Jangan Alergi Ketika Diminta Informasi

SOREANG — Masih banyaknya instansi pemerintahan yang kurang terbuka dalam memberikan informasi publik dinilai Sekretaris Daerah (Sekda) Sofian Nataprawira sebagai tindakan yang tidak mendukung transparansi.

Menurutnya, diera keterbukaan saat ini sudah seharusnya masyarakat bebas mengakses informasi dari media manapun termasuk lembaga pemerintah. Tetapi pada kenyataannya masih ada saja institusi yang tidak mau terbuka.

Dia menuturkan, keberadaan Komisi Informasi Publik (KIP) sebagai lembaga yang menjembatani kebutuhan informasi untuk masyarakat. Sehingga, ketrebukaan sudah sudah harus dilakukan oleh setiap institusi.

Dengan keterbukaan, optimalisasi badan publik dalam mewujudkan pemerintah yang baik (good governance). Tentunya dengan melibatkan partisipasi masyarakat,” jelas Sofian ketika ditemui kemarin. (23/8)

Dia mengatakan, kesiapan transparansi untuk KIP tersebut, diharapkan bisa didukung dengan komitmen seluruh element pemerintah. Dengan membangun dan mengembangkan sistem pemerintahan yang demokratis dan aspiratif, tujuan untuk mewujudkan penyelenggaraan negara yang baik, transparan, efektif efisien, akuntabel dapat dipertanggungjawabkan.

“Penyelenggaraan KIP sudah memiliki payung hukum tersendiri, maka dari itu tidak usah ragu memberikan jawaban. Namun tentu saja tidak semua informasi yang diminta oleh pemohon, bisa diberikan begitu saja, semua ada prosedurnya.

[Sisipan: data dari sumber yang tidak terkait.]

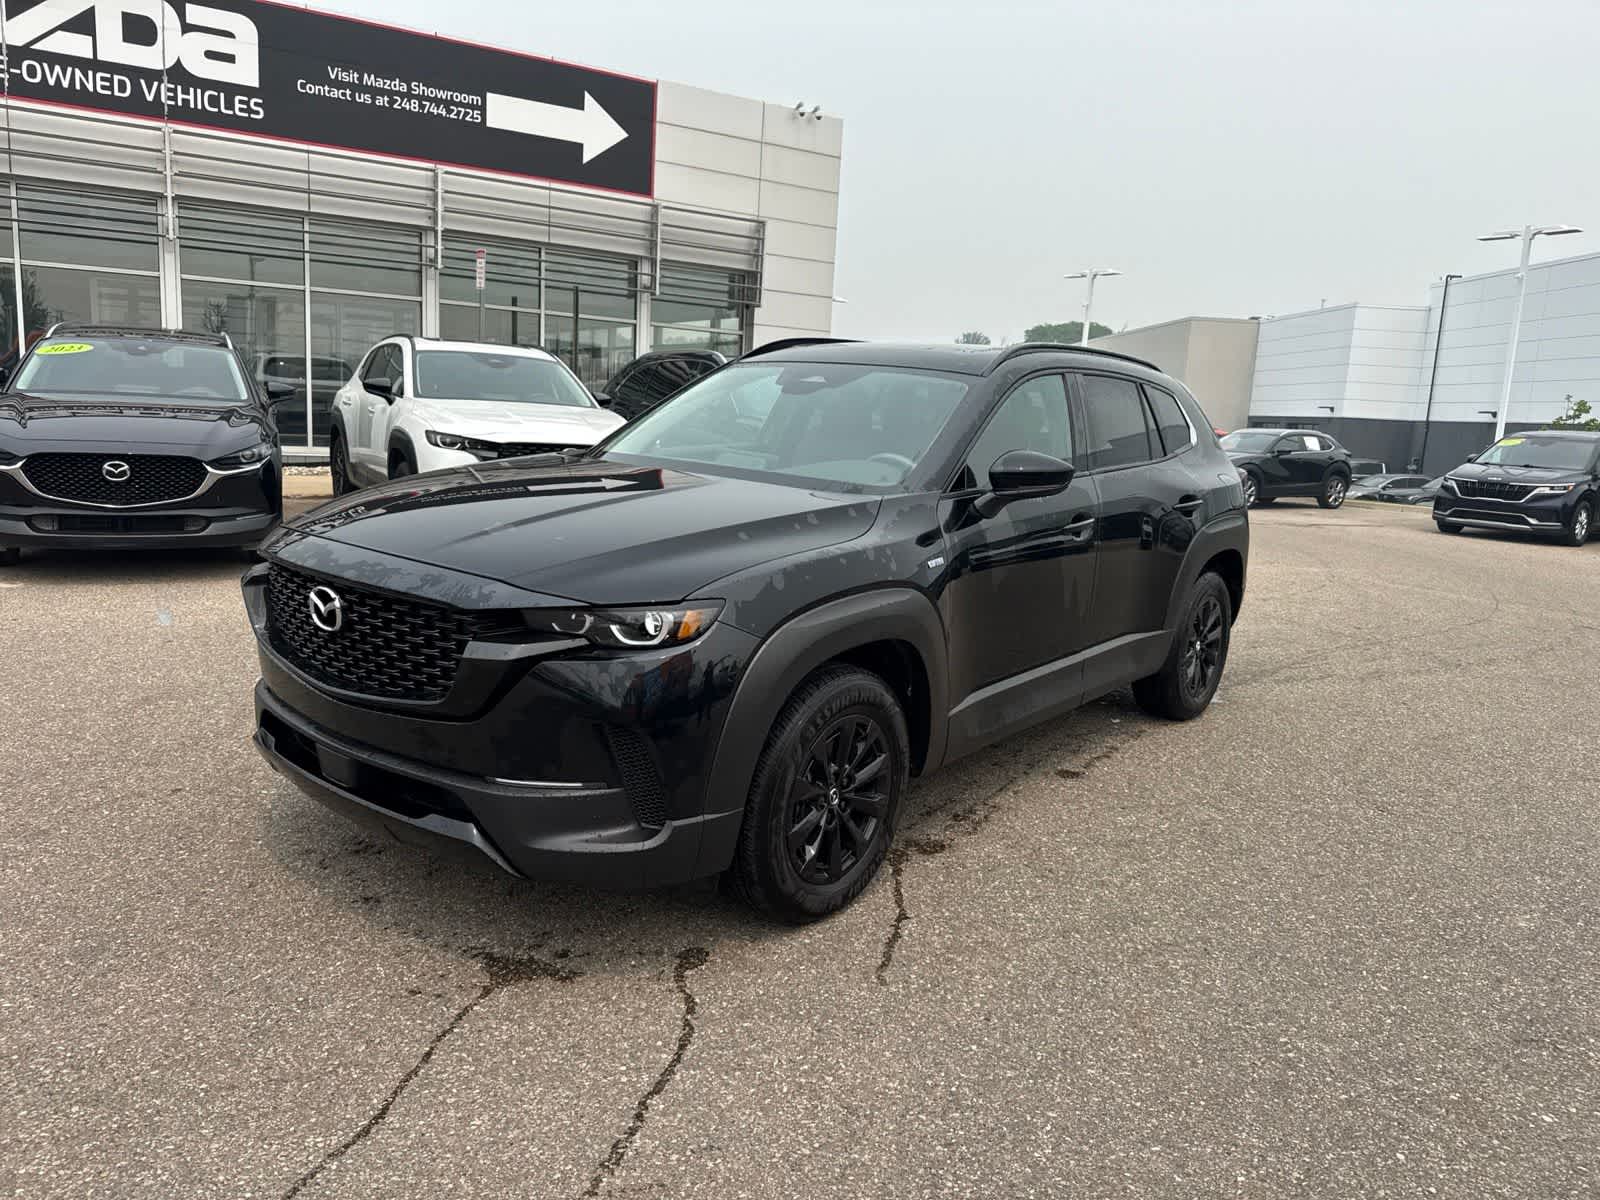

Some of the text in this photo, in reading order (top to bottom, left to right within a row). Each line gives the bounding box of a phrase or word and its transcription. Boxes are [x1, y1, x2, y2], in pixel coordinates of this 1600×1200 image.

[139, 78, 265, 120] VEHICLES
[297, 79, 482, 123] Contact us at 248.744.2725
[327, 65, 482, 106] Visit Mazda Showroom

Kan ada juga informasi yang dikecualikan, itu tidak boleh diberikan,” tegasnya.

Sofian mengatakan, pelaksanaan FGD KIP diikuti oleh 74 orang yang terdiri dari Pejabat Pengelola Informasi dan Dokumentasi (PPID) beserta PPID pembantu seluruh Organisasi Perangkat Daerah (OPD) dan Kecamatan. Sehingga, diharapkan dapat meningkatkan pengelolaan dan pelayanan informasi di lingkungan Badan Publik.

“Selain itu, para PPID pembantu akan mampu meningkatkan kapasitas dan kompetensi dirinya, dalam mengelola serta memberikan pelayanan informasi publik. Kalau sudah tahu prosedurnya, tidak akan ragu lagi apalagi alergi saat melakukan pelayanan KIP di masing-masing OPD,” ungkapnya.

Sementara itu, Ketua Komisi Informasi (KI) Jawa Barat Dan Satriana menyebutkan, PPID tidak usah ragu, takut apalagi alergi saat dimintai informasi penyelenggaraan pemerintah. Sebab, masyarakat memiliki hak untuk mendapatkan informasi sebagai pelayanan pemerintah kepada masyarakat.

“Gak ada kewajiban menjawab saat itu juga untuk memenuhi permohonan informasi publik. Saat surat permohonan diajukan, selama 10 hari kemudian akan terjawab jika melalui prosedur. Jika tidak puas, silahkan kirim lagi surat dan tunggu 30 hari kemudian, tidak perlu ada tatap muka,” jelas dia.